Let $X=\mathbb{P}^1_k$, with $k$ an infinite field. Show there does not exist a projective object $\mathcal{P}\to\mathcal{O}_X\to 0$.
The author suggests to consider surjections of the form $j_!(O_{X}|_{V})\to k(x)\to 0$, where $x$ is a closed point, $V$ an open neighbourhood of $x$.
We have maps $\mathcal{P}\to j_!(O_{X}|_{V})$ by lifting property, but how to use the conditions $\mathbb{P}^1_k$, with $k$ being infinite and $x$ being closed?
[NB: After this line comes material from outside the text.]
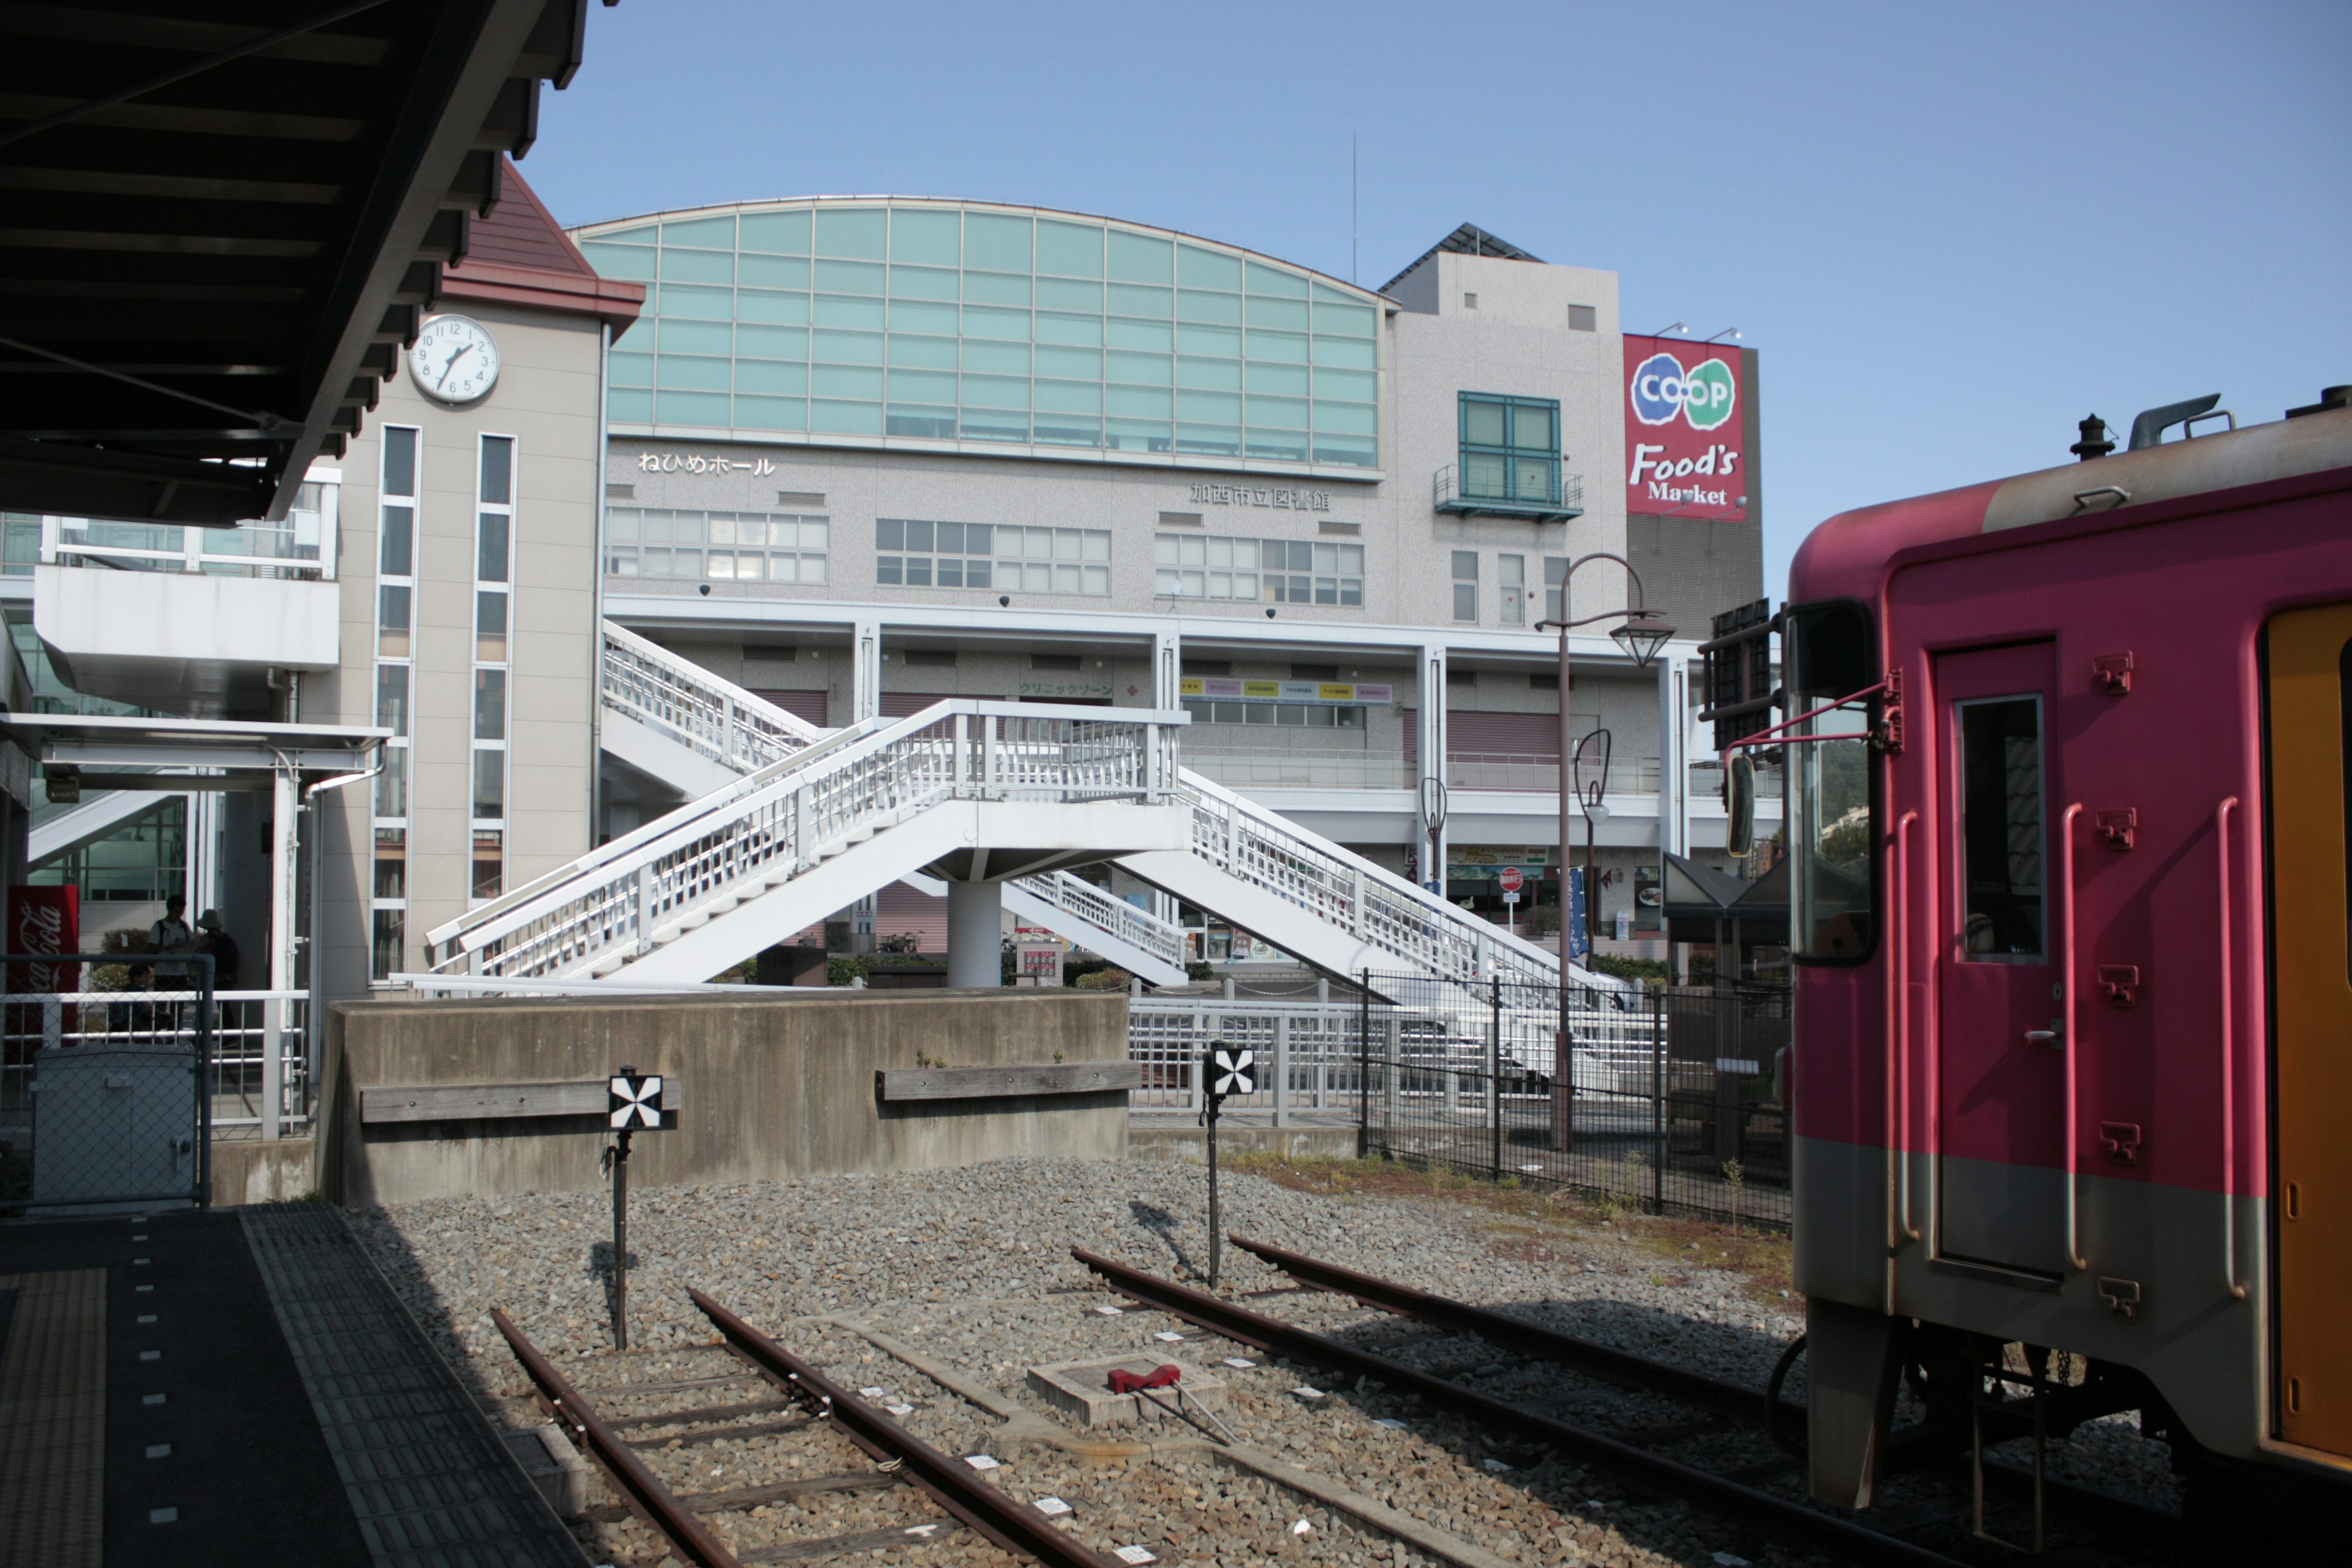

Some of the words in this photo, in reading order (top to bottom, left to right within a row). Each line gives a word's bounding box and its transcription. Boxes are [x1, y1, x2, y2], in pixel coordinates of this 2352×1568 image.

This is an adaptation of Jon Woolf's answer at https://mathoverflow.net/a/5401/15505. Also, I didn't require $k$ to be infinite, which makes me uneasy.
Suppose there exists a projective object $\mathcal{P} \in \mathfrak{Mod}(X)$ and a morphism $\varphi : \mathcal{P} \to \mathcal{O}_{X}$; we show that $\varphi$ is the zero morphism. It suffices to show that $\varphi(U) : \mathcal{P}(U) \to \mathcal{O}_{X}(U)$ is the zero map for all nonempty open subsets $U$. Let $U$ be a nonempty open subset of $X$ with open immersion $\alpha_{U} : U \to X$; then $U$ is the complement of a finite number of closed points. Since closed points are dense in $\mathbb{P}_{k}^{1}$, we can choose two distinct closed points $x_{1},x_{2}$ of $U$; define $V_{1} = X \setminus \{x_{1}\}$ and $V_{2} = X \setminus \{x_{2}\}$; then $X = V_{1} \cup V_{2}$ and $U \not\subseteq V_{1}$ and $U \not\subseteq V_{2}$. There is a canonical morphism of presheaves $\alpha_{V_{1},!}^{\operatorname{pre}}\mathcal{O}_{V_{1}} \oplus \alpha_{V_{2},!}^{\operatorname{pre}}\mathcal{O}_{V_{2}} \to \mathcal{O}_{X}$ which is surjective on the stalks; this induces a surjective morphism $\xi : \alpha_{V_{1},!}\mathcal{O}_{V_{1}} \oplus \alpha_{V_{2},!}\mathcal{O}_{V_{2}} \to \mathcal{O}_{X}$ of sheaves; here we have $\alpha_{V_{1},!}^{\operatorname{pre}}\mathcal{O}_{V_{1}} = \alpha_{V_{1},!}\mathcal{O}_{V_{1}}$ and $\alpha_{V_{2},!}^{\operatorname{pre}}\mathcal{O}_{V_{2}} = \alpha_{V_{2},!}\mathcal{O}_{V_{2}}$ by https://math.stackexchange.com/a/1066689/7719 since $X$ is irreducible and $V_{1}$ is an integral scheme. By projectivity of $\mathcal{P}$, we have that $\varphi$ factors through $\xi$, via some morphism $\gamma : \mathcal{P} \to \alpha_{V_{1},!}\mathcal{O}_{V_{1}} \oplus \alpha_{V_{2},!}\mathcal{O}_{V_{2}}$ such that $\varphi = \xi \gamma$. Then we have $(\alpha_{V_{1},!}\mathcal{O}_{V_{1}} \oplus \alpha_{V_{2},!}\mathcal{O}_{V_{2}})(U) = (\alpha_{V_{1},!}^{\operatorname{pre}}\mathcal{O}_{V_{1}})(U) \oplus (\alpha_{V_{2},!}^{\operatorname{pre}}\mathcal{O}_{V_{2}})(U) = 0$, which implies that $\varphi(U) = 0$.